僕はわざとらしく、肩を竦めつつ。「そんなのはごめんだね、僕を生かしてくれた親父にも、示しがつかない」


「親父に示し、か。ふん、ジェイ・スペクターよ。お前は、そんなつまらない理由のために、俺と立ち会おうというのか?」



 僕はそこで、思わず口角を上げてしまった。

 僕の戦う理由が、つまらない。それだけは、絶対にこいつが口にしてはならない言葉だったからだ。


「何言ってるんだよ、愛愛うるさい変態ヤローがさ。そういう意味では、僕は、僕を生かしてくれた親父の()()()に報いるために、お前と戦おうってんだぜ?」


 それは、こいつの土俵であるはずだ。

 愛なき刃で、【愛奴】が倒せぬというのなら。今の僕には、振るう刃に愛を乗せる用意がある。
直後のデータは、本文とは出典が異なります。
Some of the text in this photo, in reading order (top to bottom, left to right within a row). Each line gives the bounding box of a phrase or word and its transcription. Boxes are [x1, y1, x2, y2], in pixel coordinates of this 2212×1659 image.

 その言葉に、少しの間だけ、彼は目を丸くしていた。意外な返しに驚いたのか、それとも、突拍子もないことを言った僕に呆れたのか。


 どうあれ、その答えは、薄暗い建物を満たす呵々大笑によって行われた。


「……くく、くくくくっ。はーっはっはっはっはっは! ジェイ、ジェイ、ジェイ・スペクター!」


 ギラリと、彼の瞳が鋭くなる。顎を引き、帽子の鍔越しにこちらを睨むその視線は、間違いなく、獲物を狙うものであった。



「お前もここにきて、愛の輩になったというわけか。いいな、いいぞ、良すぎる! 牙なき草食獣が挑んでくる理由は、自棄でも復讐でもなく、生存のためであるべきだからな!」


「牙なき……? おいおい、お前、もう一つ間違えてるぜ」



 僕はそこで、構えた霊符を、まるで紙吹雪のように頭上から落とす。ハラハラと舞う紙切れたちは、やがて、青白い炎に変わっていく。
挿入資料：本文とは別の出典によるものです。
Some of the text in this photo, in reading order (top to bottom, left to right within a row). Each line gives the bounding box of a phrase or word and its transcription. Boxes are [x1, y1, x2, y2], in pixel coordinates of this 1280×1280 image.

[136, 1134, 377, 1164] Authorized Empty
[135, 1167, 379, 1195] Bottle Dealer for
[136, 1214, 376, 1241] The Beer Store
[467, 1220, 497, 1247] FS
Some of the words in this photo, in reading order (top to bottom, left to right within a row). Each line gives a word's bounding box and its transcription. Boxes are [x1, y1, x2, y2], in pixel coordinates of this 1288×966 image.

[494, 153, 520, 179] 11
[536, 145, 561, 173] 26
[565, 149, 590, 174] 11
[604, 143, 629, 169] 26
「契約履行、死霊術『臨死の眼光(ソウルビジブル)』」


 小さく呟けば、炎たちは幾つもの球形を成し、僕の周囲を漂った。

 魂の輝きを、そのままに宿した炎球を目にして、【愛奴】の顔が僅かに強張る。


 それを見逃さず、僕は、追い打ちとばかりに、言ってやることにした。


「僕が何の算段もなく、ここに来たと思うか? お前はもう少し、自分の心配をした方がいいと、少なくとも僕は、そう思うね」


 合わせるように、二体のリッチが僕に侍る。彼らと、浮かべたこの無数の人魂。これが、今の僕が用意できる全てだ。


 そして、か細い勝機の糸を辿るために、必要なものでもある。



「ふむ、ふむ、ふむと。つまりだ、お前は、この俺の前に戦士として立ちはだかるわけだな? 蹂躙される弱者ではなく、戦う相手だと」


「何度も言わせるなよ、やる気なら、とっととかかってこいよ、【愛奴】」


「ああ、そうだな。お前が戦士であるというのなら、俺も戦士として答えるべきだ」



 ぐっ、と。黒い影が身を屈める。

 最短、最速、そして、最大限の力を発揮するための、まるで獣のような前傾姿勢。


 それは、僕に対する敬意なのだと一目でわかった。命を懸けて戦う相手に対する、こいつなりの敬意。

 ならば、こちらもそれに報いなければなるまい。



「……戦闘屋、【愛奴】のエリゴール。さあ、行くぞ!」


「スペクター家当主、ジェイ・スペクター! どこからでも来い!」



 そうして、戦いの火蓋は切って落とされる。


 あまりにも無謀で、あまりにもかけ離れたこの戦いの始まりに――不思議と、僕の心は穏やかなのであった。